Les explicaba a mis alumnos un texto en el que aparecían algunas figuras evangélicas -la Magdalena, Lázaro- y me di cuenta de que lo ignoraban todo sobre ellas. Les pregunté si sabían quién era Jesucristo, a lo que me respondieron que sí, que eso sí. En un intento no sé si por comprender o por disculpar tanta ignorancia, les sugerí que, bueno, que suponía que no serían creyentes, a lo que no tenía nada que objetar, pero... Sí, pero mi sorpresa fue mayúscula, ya que me quedé boquiabierto cuando me dijeron casi al unísono que todos habían hecho la catequesis. No quise saber si además estudiaban Religión, pero era evidente que mis alumnos eran creyentes y que, sin embargo, no sabían nada de los avatares históricos del Dios en el que creían.
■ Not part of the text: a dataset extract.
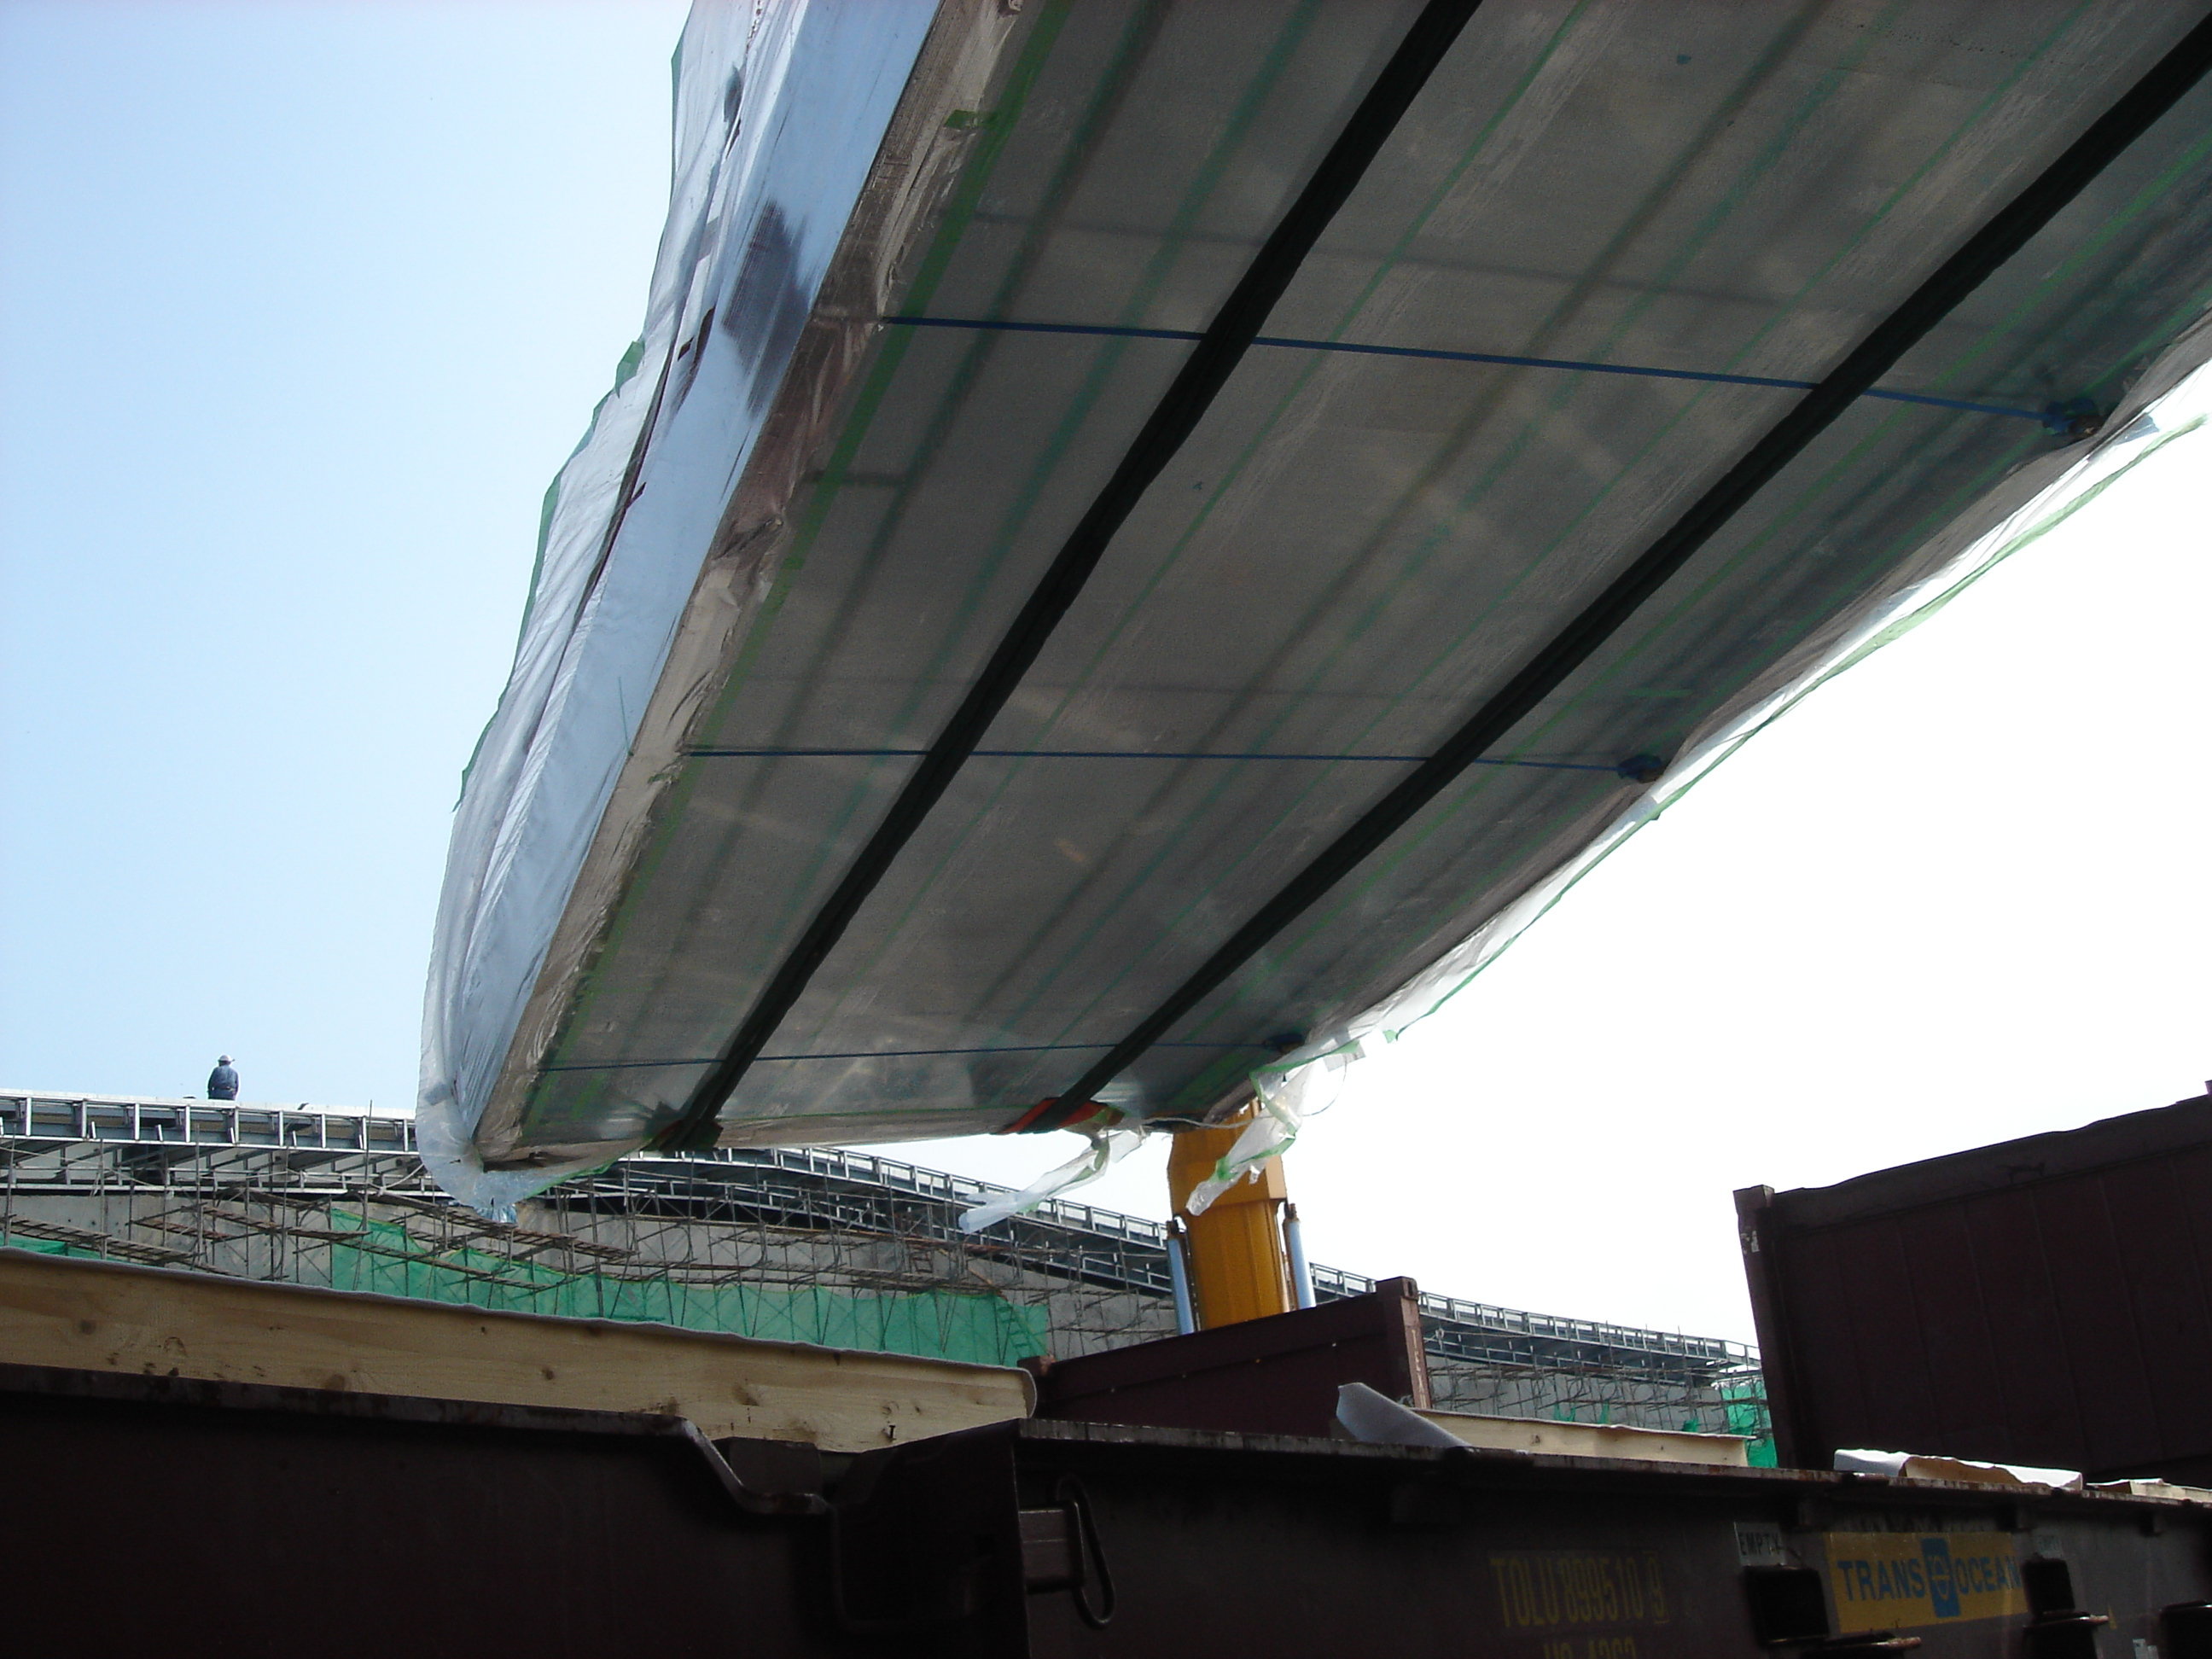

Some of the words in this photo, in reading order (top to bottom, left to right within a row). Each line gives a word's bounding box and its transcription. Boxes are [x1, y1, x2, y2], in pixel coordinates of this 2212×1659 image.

Uno de los argumentos que se han utilizado recientemente para justificar la enseñanza de la religión en las escuelas ha sido el de su importancia cultural. Es casi imposible, se afirmaba, entender nuestra cultura sin conocer los referentes religiosos de que está colmada. De esta forma, parecía reducirse el estudio de la religión a un interés puramente hermenéutico que explicaría su necesidad universal. No voy a negar que eso sea así, pero también quiero hacer constar que ese interés hermenéutico funciona a diversos niveles y que habría que fijar cuáles son los adecuados para cada etapa educativa. Si la necesidad de la enseñanza religiosa se justifica desde una perspectiva cultural; es decir, si se la presenta como un hecho cultural más o, mejor aún, como un instrumento necesario para acceder a la comprensión de nuestra tradición cultural, en ese caso me atrevo a asegurar que la enseñanza de la Religión, de sus contenidos dogmáticos, no sólo no es necesaria, sino que puede dejar las cosas tan mal como en la actualidad. Así lo prueba el ejemplar caso de mis alumnos con el que he iniciado la columna. Y aunque no conozco su currículo, sospecho que puede ocurrir exactamente lo mismo con la asignatura que se le presenta como alternativa. Pueda ser que con la asignatura de Religión se formen muy buenos cristianos y que con la materia alternativa los alumnos no religiosos acaben interesándose por un fenómeno que de otro modo no les hubiera quitado el sueño. Pero pueda ser también que a unos y a otros haya que explicarles, llegado el momento y en otra asignatura, quién era Lázaro y quién la Magdalena, no digamos ya quiénes fueron Ruth, Josué o Isaías.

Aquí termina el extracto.